Modern species in Christella are mainly distributed in dense forests or semi‐open forests with high humidity in tropical and subtropical regions at low elevations worldwide (Figs. 1 and 5). Thus, the fossils that we uncovered from Yunnan and Tibet might indicate humid and warm climates judging by the present distribution of this genus. In the Liuqu Formation, numerous big leaf fossils have been found, such as Mallotus L., Ficus L., Livistona R. Br., and Magnolia L. (Tao, 1988; Fang et al., 2006). These fossil vegetation types suggest that southern Tibet had tropical or subtropical forests with a warm, humid climate in the late Paleogene (ca. 56 Ma) (Tao, 1988; Fang et al., 2006). Based on morphological similarities, the nearest living relative of C. nervosa is C. papilio , which currently grows in wet areas in forests ranging from 600 to 1300 m in elevations (Lin et al., 2013). This is consistent with the interpretation that southern Tibet had not reached its present elevation during the late Paleocene (Ding et al., 2017). As the flora reported in the Sanhaogou Formation is concerned, some taxa are dominant, such as Fabaceae Lindl. (1836), nom. cons., Fagaceae Dumort. (1829), nom. cons., and Lauraceae Juss. (1789), nom. cons., which also indicates a relatively warm, humid climate during the middle Miocene in the Jinggu Basin (He et al., 1996). Moreover, the paleoecological implication stemming from our fossil records is consistent with paleoclimatic conditions of previous Thelypteridaceae fossil records, indicating a moist, lower latitude environment (Collinson, 2002; Joshi & Mehrotra, 2003; Mehrotra et al., 2011; Sanín et al., 2016). For example, the finding of Cy. eoproliferus , uncovered from the middle–late Miocene of Siwalik, accompanying the comparable modern specimens, indicates the presence of rain forests in the deposition region (Mehrotra et al., 2011).

Fern fossils presented in this paper further support previous studies that the QTP and areas nearby experienced dramatic environmental changes during the Cenozoic (Jacques et al., 2011; Xing et al., 2012; Su et al., 2013, 2018; Ding et al., 2017). Our findings provide additional information regarding the distributional contraction of ferns in response to environmental changes. The collision between India and Asia contributed to the evolution of the QTP and formation of the Himalayas; the collision also led to the southward extrusion of the southeastern margin of the plateau, where the Jinggu Basin is located (Li et al., 2017a, 2017b). Dramatic tectonic activities resulted in significant geographical changes in this region, and influenced the evolution of climate (An et al., 2001; Jacques et al., 2011; Xing et al., 2012; Su et al., 2013; Li et al., 2015b). For example, the altitude of the Liuqu Formation increased from ∼1000 m in the late Paleocene (Ding et al., 2017) to more than 4000 m today, and in response, the climate has become much colder and drier. However, the Jinggu Basin has had a relatively stable environment (currently 974 m a.s.l.). Ultimately, the Christella fossils described in this study provide new evidence for the paleoenvironmental conditions in the QTP and adjacent areas (i.e., southern Yunnan). As species distributions are largely restricted by environmental conditions, more fossil evidence is needed to decipher environmental conditions, such as paleoclimate and paleoelevation, in the geological past.

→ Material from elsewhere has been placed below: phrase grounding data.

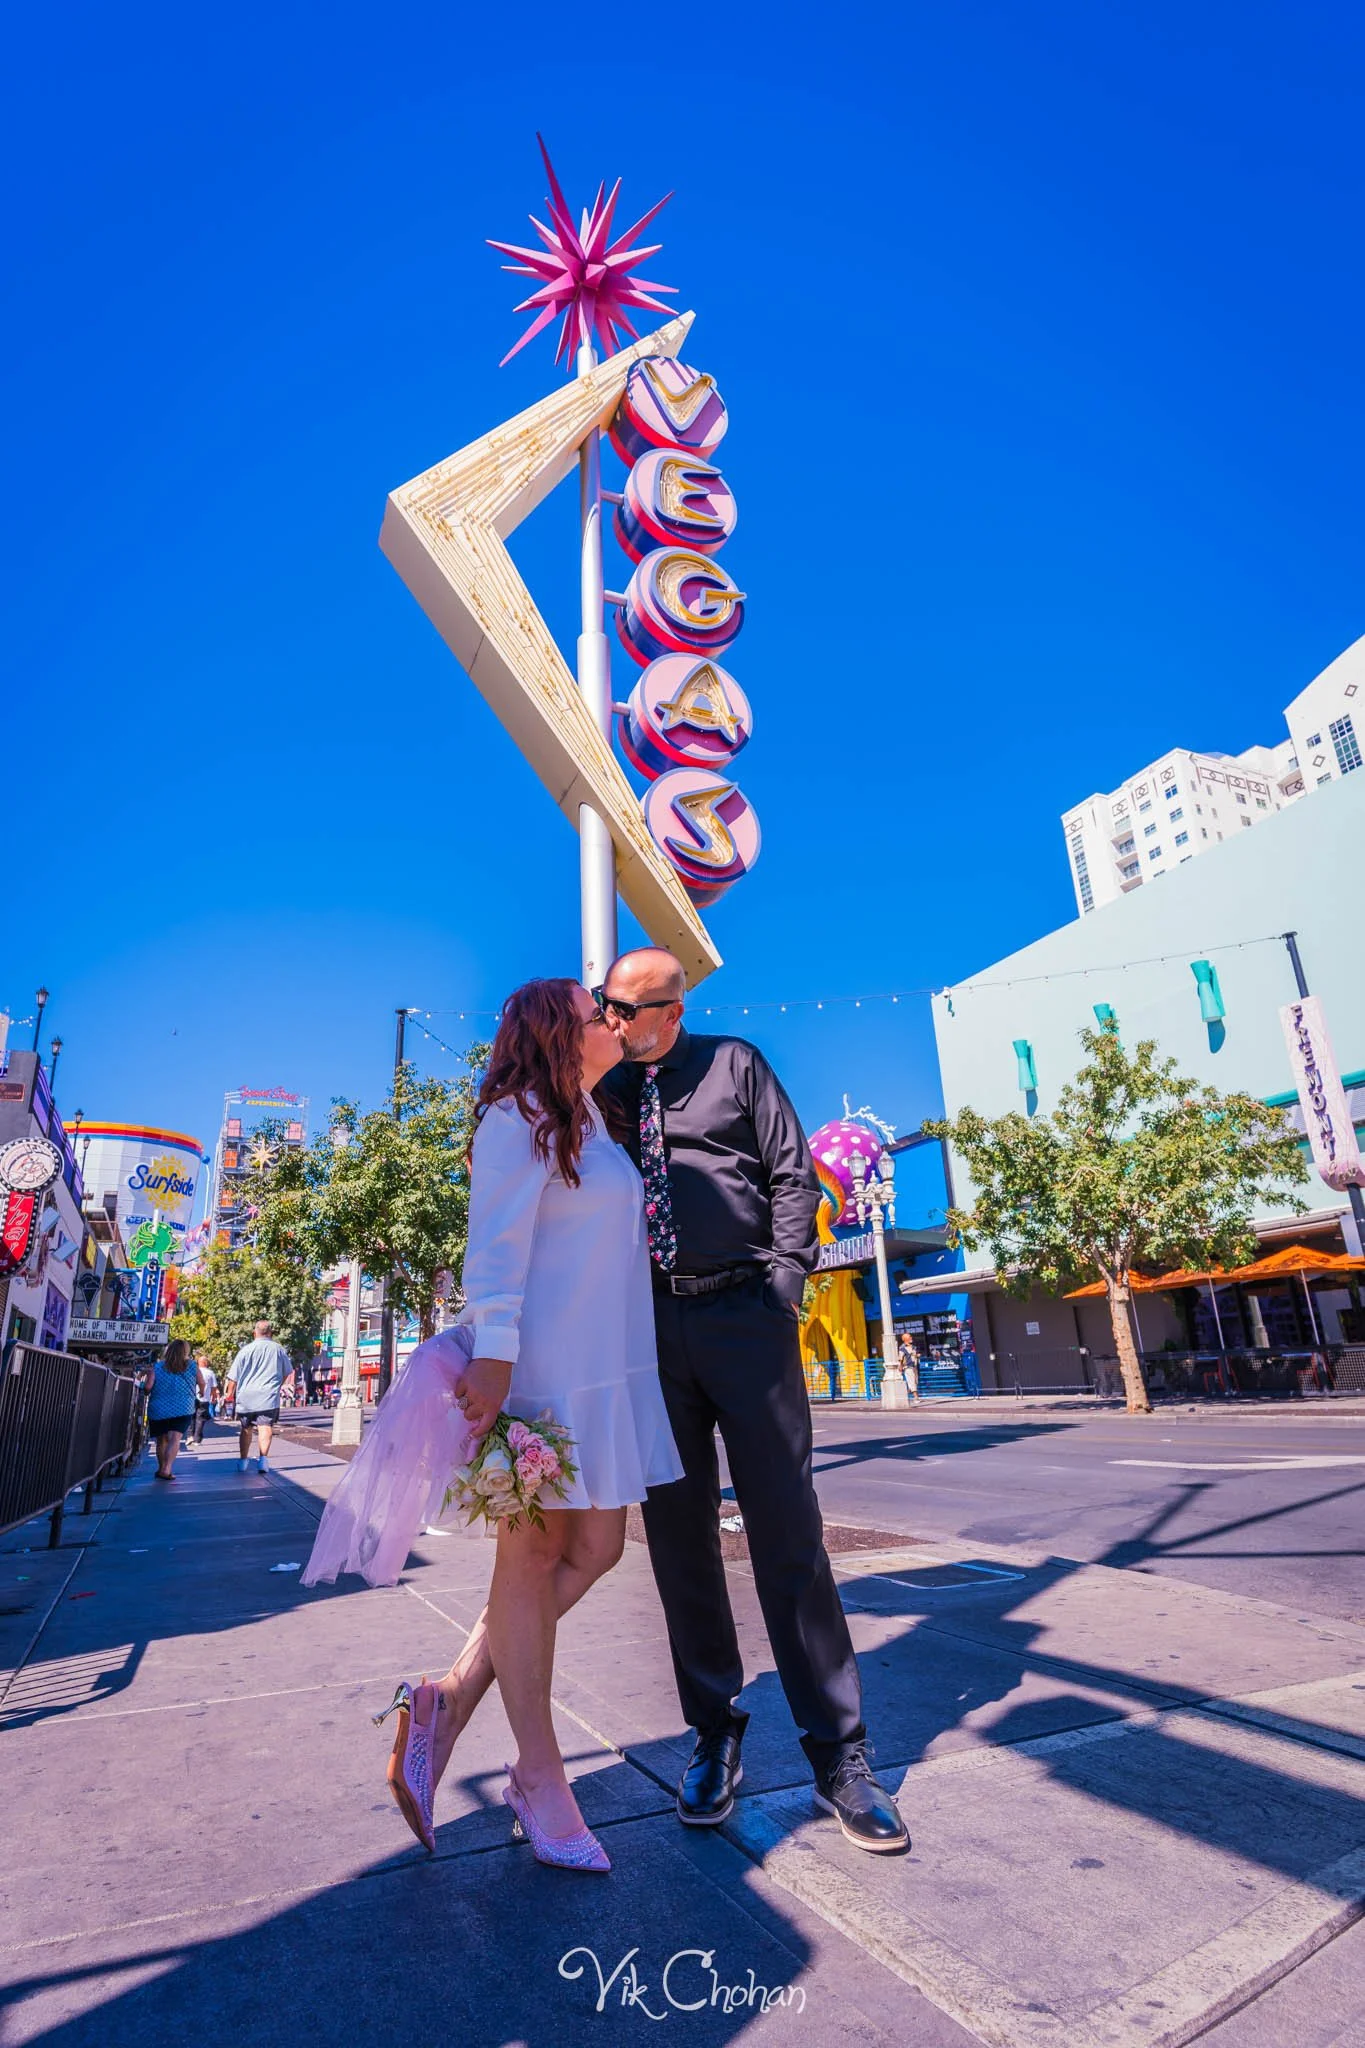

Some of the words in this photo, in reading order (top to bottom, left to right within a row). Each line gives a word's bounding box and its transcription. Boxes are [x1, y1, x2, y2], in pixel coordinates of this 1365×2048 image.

[638, 356, 748, 870] VEGAS
[1290, 1004, 1336, 1161] FREMONT
[128, 1164, 194, 1198] Surfside
[72, 1329, 108, 1340] HABANERO
[114, 1331, 136, 1341] PICKLE
[143, 1333, 159, 1342] BACK
[92, 1321, 101, 1330] OF
[105, 1321, 116, 1331] THE
[120, 1322, 140, 1332] WORLD
[143, 1323, 166, 1334] FAMOUS

Overall, we have presented a description and classification of C. papilio as the nearest living relative of fossils from Tibet and reported Christella sp. in the middle Miocene from the Jinggu Basin. Taking the discovery of these two fern fossils into account, the origin and evolution of Christella in SW China could be dated back to 56 Ma. In addition, the presented fossils indicate that during the late Paleocene and middle Miocene, southern Tibet and the Jinggu Basin had warm, humid climates with low elevations. The spatial distribution of Christella has largely been shaped by paleoenvironmental changes.